在教学中,每个学生可根据自己的风格准备一本科学记录本,这样学生就可以将探究活动的过程用自己擅长的方式呈现出来。科学记录本中的记录内容不是“大杂烩”,也不是“清汤寡水”,笔者建议可选择以下几个方面进行记录:(1)学生可以将课前查阅的一些资料简单地记录在记录本上或以小卡片的形式张贴在记录本上,以便课堂上与其他同学进行交流;(2)课堂上的学习活动,如:表演、讨论、实验等;(3)课堂上的一些重点概念;(4)课外的探究、观察、调查等活动,学生可借助记录本,将每天观察的数据、现象及结果记录下来,这样便于整理,日后也可以依此写出观察日记或调查小论文;(5)课外知识拓展及所遇到的一些疑问。现在,学生在课外接触到的科学知识、科学实验很多,他们可以将这些有趣的科学知识、科学小妙招、科学小实验等记录在科学记录本中,也可以将遇到的一些疑问记录下来,以便课上和教师、同学进行交流。
2.科学记录本怎么记。
通常情况下,学生的科学记录以文字为主,对小学生来说,纯文字记录会让他们感到无聊,教师应让学生自主设计记录格式、形式等,并有意识地让学生少写字,可以通过图画、表格、照片、录像等学生能够接受、喜欢的形式来记录,这样做合乎学生的认知特点,可以更好地激发学生记录的兴趣。
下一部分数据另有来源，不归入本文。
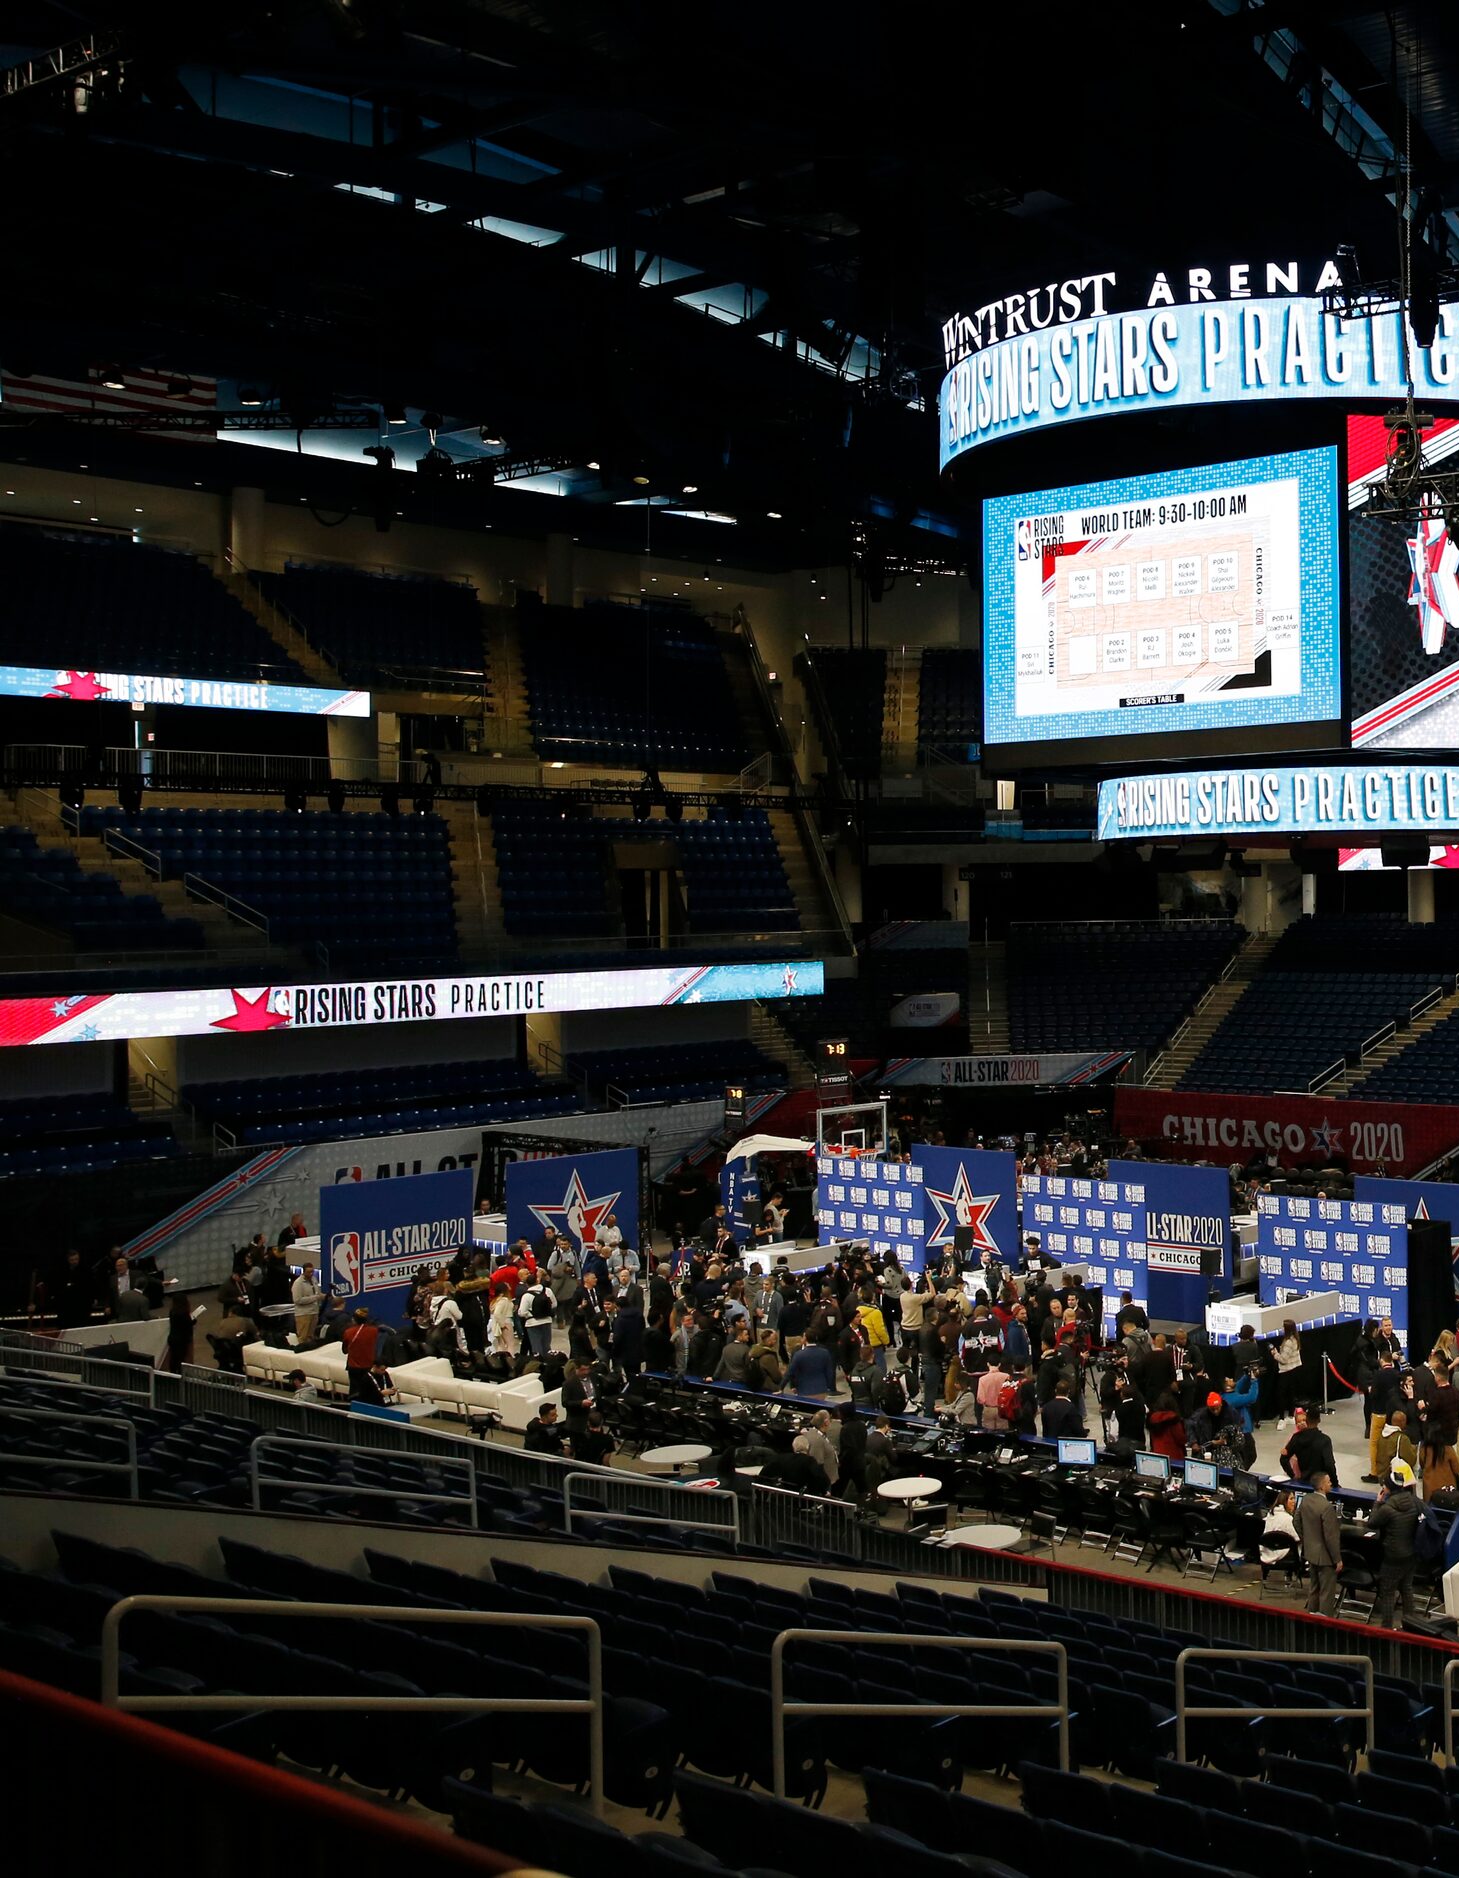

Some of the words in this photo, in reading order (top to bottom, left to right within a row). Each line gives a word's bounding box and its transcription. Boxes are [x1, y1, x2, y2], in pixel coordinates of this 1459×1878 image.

如:在教学苏教版《科学》三上《寻找有生命的物体》时,有的学生喜欢用简笔画的形式进行记录,并配上色彩;有的学生喜欢用照片的形式张贴在记录本中,并配上资料卡片;还有的学生用表格进行记录,每个学生记录的形式各不相同,在此过程中,他们的个性得到了彰显,同时,还为大家呈现了一个又一个精致、活泼、形象、多彩的记录本。
3.科学记录本如何评。
科学记录本是学生过程性学习的体现,是一种很好的形成性评价材料。教师可以每隔一个单元进行一次评价,在欣赏每位学生作品的过程中,努力发现学生记录的闪光点,并在其记录本中给予鼓励性的评价,还可以用“小小科学家”“你真棒”等印章进行盖章,达到一定的印章数,可以换取学校的积分卡,作为期末学校“小科学家”的评选的条件。同时,教师还可以选取班级一些优秀的科学记录本进行展示,供大家一起学习参考。